■ **Records for the exercise**:
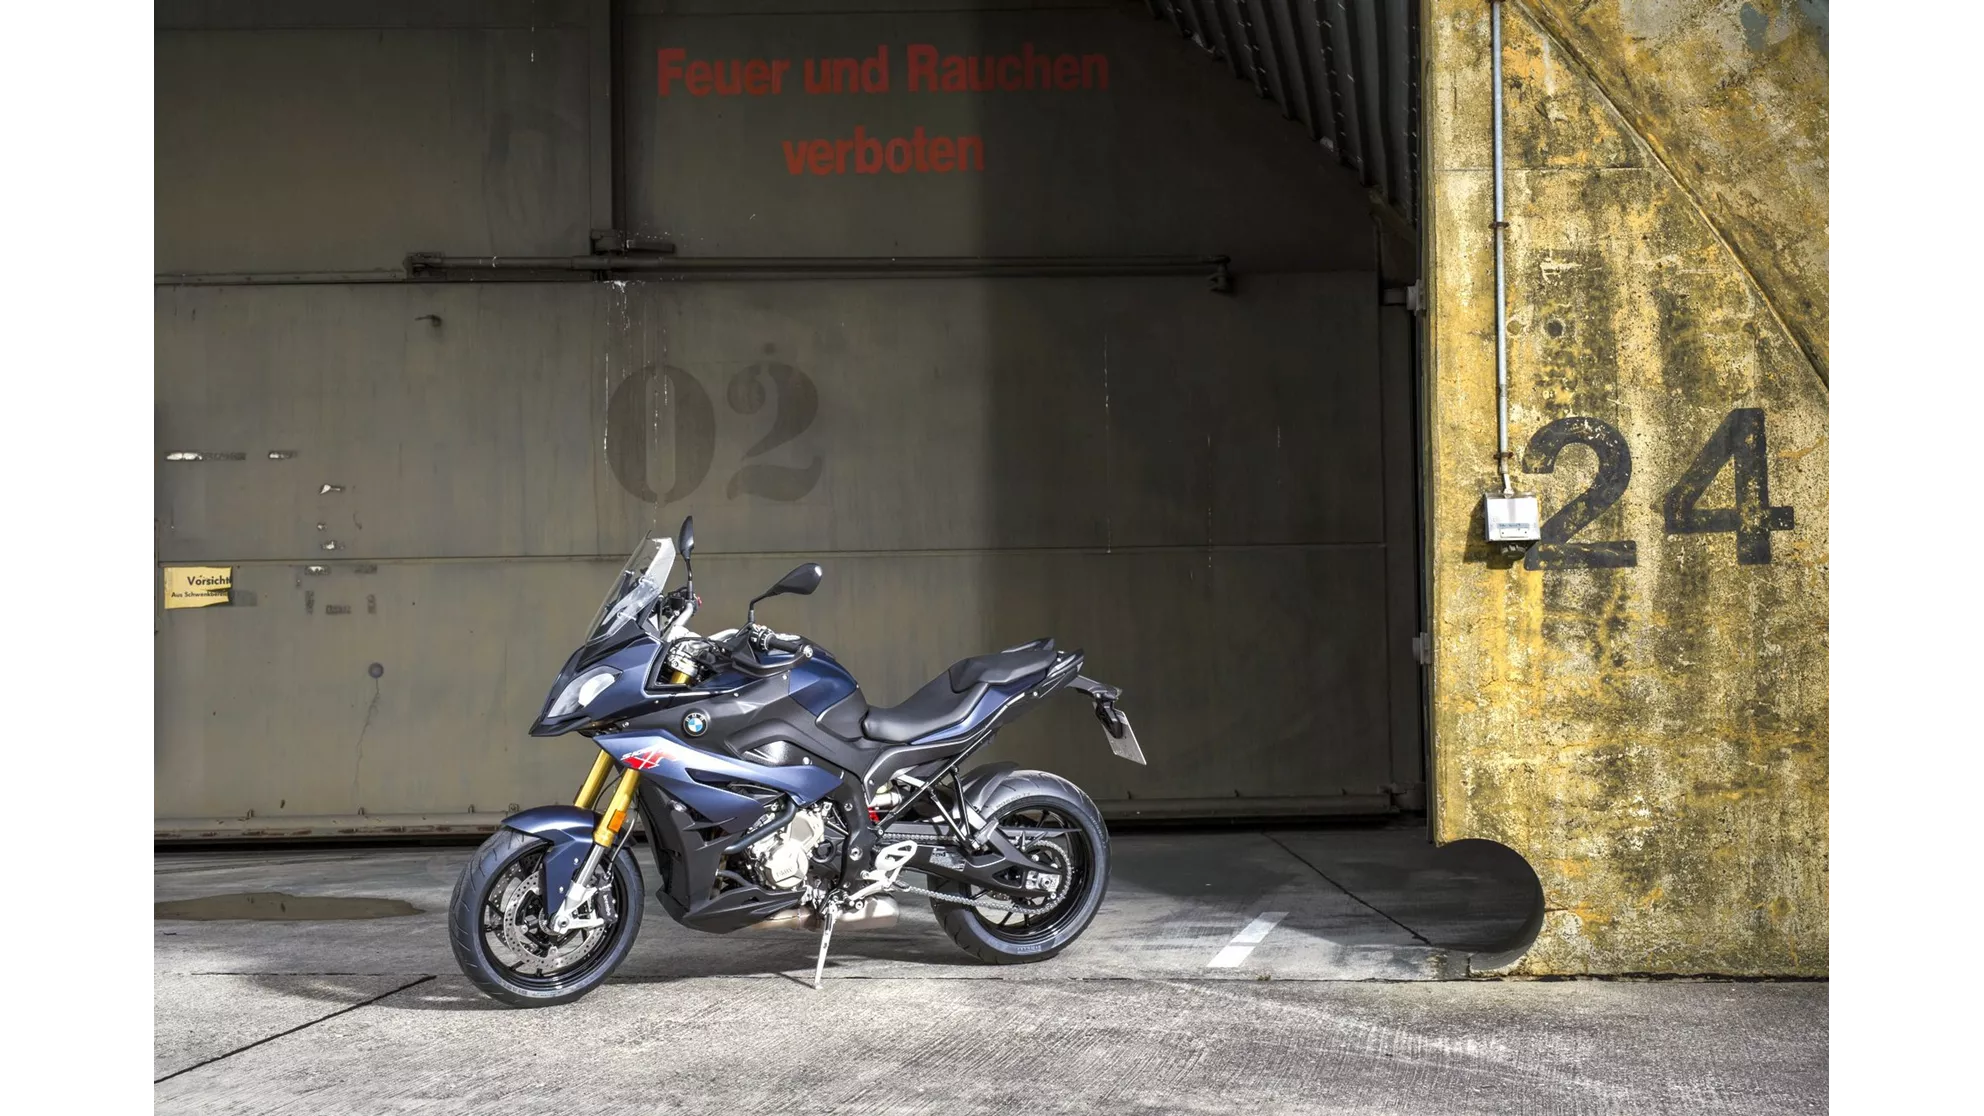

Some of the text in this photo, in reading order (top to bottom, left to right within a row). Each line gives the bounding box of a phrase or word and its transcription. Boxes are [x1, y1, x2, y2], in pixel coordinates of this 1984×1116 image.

[657, 42, 1110, 98] Feuer und Rauchen
[782, 126, 985, 176] verboten
[607, 361, 825, 504] 02
[1521, 407, 1796, 571] 24
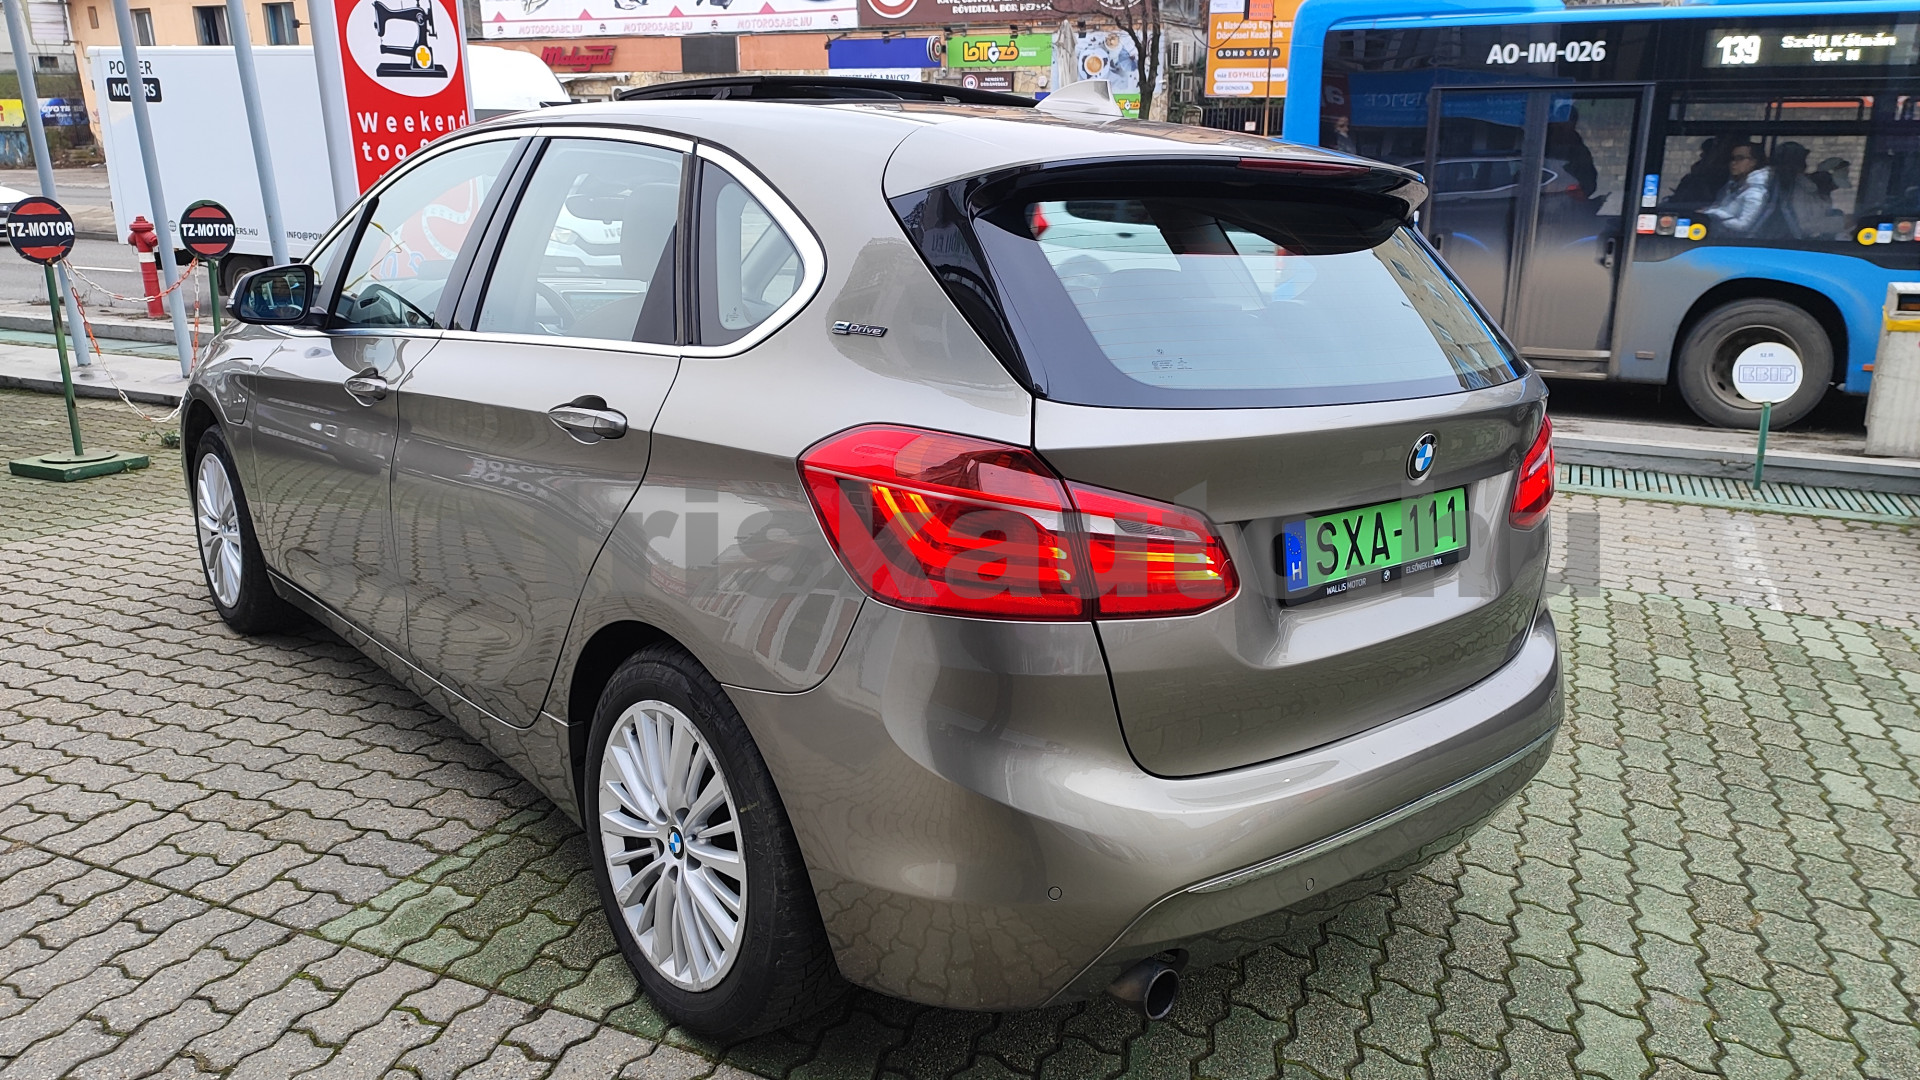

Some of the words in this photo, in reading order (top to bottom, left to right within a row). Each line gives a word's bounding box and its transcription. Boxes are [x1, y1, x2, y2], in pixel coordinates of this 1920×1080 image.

[1485, 40, 1607, 65] AO-IM-026
[1716, 34, 1762, 65] 139
[109, 60, 153, 75] POER
[112, 83, 156, 97] MORS
[357, 110, 467, 133] Weekend
[362, 141, 407, 161] too
[8, 221, 75, 237] TZ-MOTOR
[181, 223, 235, 237] TZ-MOTOR
[286, 231, 325, 240] INFO@POW
[1316, 495, 1457, 576] SXA-111
[1291, 561, 1302, 581] H
[1326, 582, 1347, 596] WALLIS
[1347, 577, 1367, 590] MOTOR
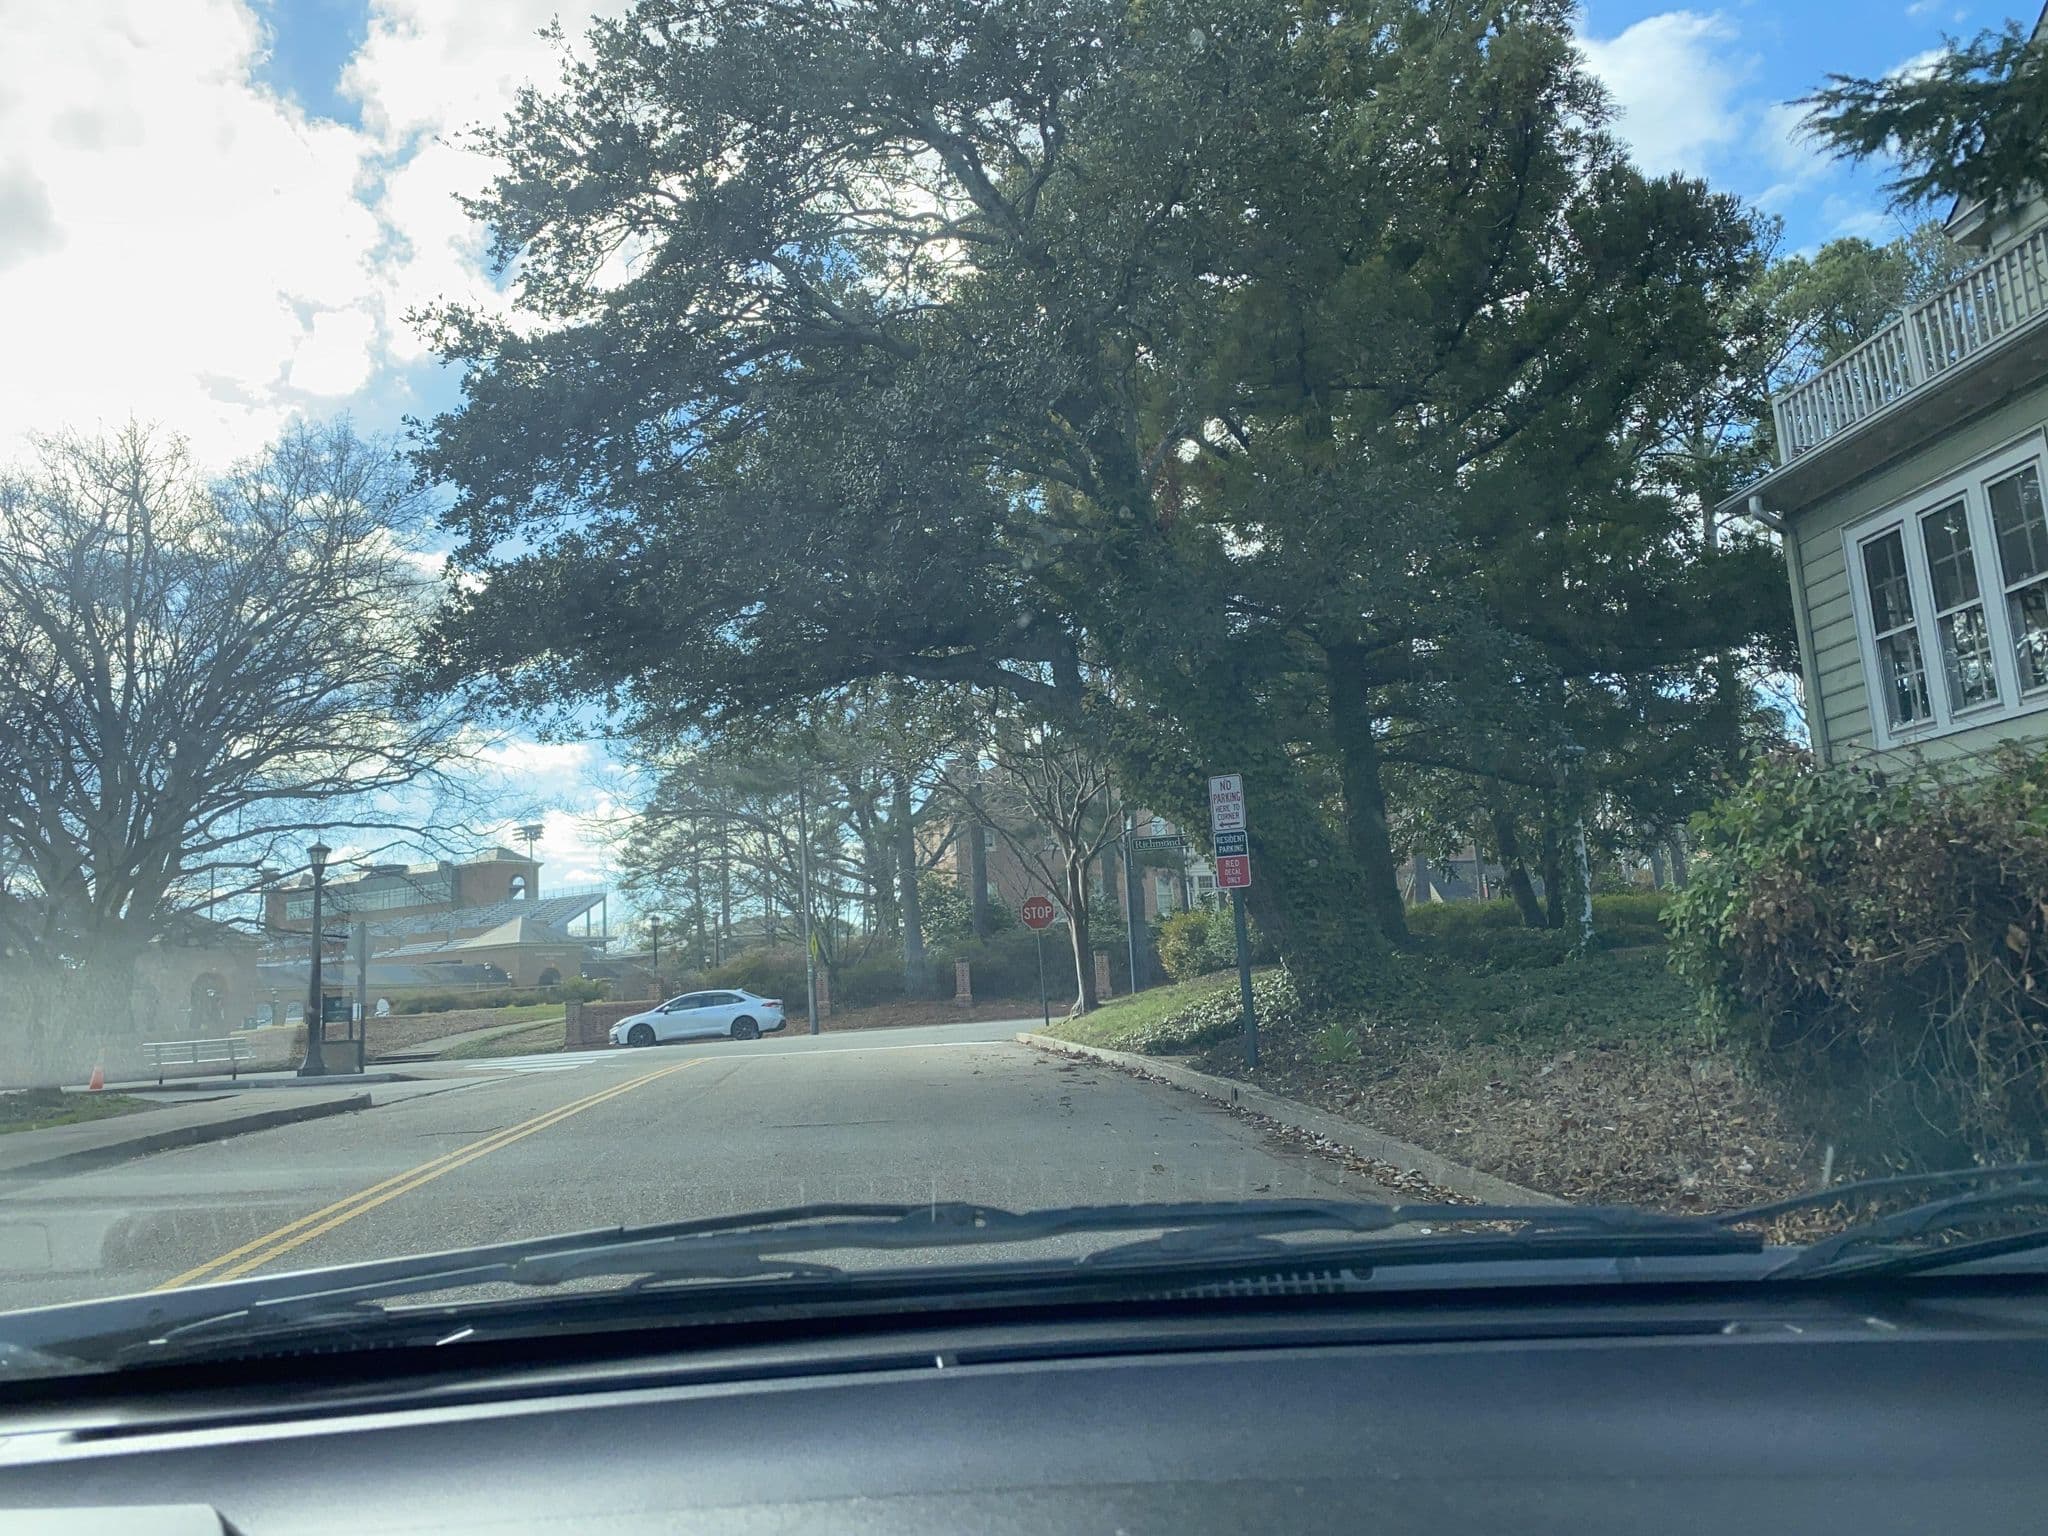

■ **Exercise instructions**: Return the listing verbatim, pictures excluded.

■ **Output for this exercise**:
Some of the text in this photo, in reading order (top to bottom, left to right within a row). Each line gives the bounding box of a phrase or word and its transcription. Boxes are [x1, y1, x2, y2], in pixel coordinates of this 1984×1116 image.

[657, 42, 1110, 98] Feuer und Rauchen
[782, 126, 985, 176] verboten
[607, 361, 825, 504] 02
[1521, 407, 1796, 571] 24

Some of the words in this photo, in reading order (top to bottom, left to right within a row). Each line gives a word's bounding box and its transcription. Boxes are [x1, y1, x2, y2], in pixel coordinates of this 1920×1080 image.

[1485, 40, 1607, 65] AO-IM-026
[1716, 34, 1762, 65] 139
[109, 60, 153, 75] POER
[112, 83, 156, 97] MORS
[357, 110, 467, 133] Weekend
[362, 141, 407, 161] too
[8, 221, 75, 237] TZ-MOTOR
[181, 223, 235, 237] TZ-MOTOR
[286, 231, 325, 240] INFO@POW
[1316, 495, 1457, 576] SXA-111
[1291, 561, 1302, 581] H
[1326, 582, 1347, 596] WALLIS
[1347, 577, 1367, 590] MOTOR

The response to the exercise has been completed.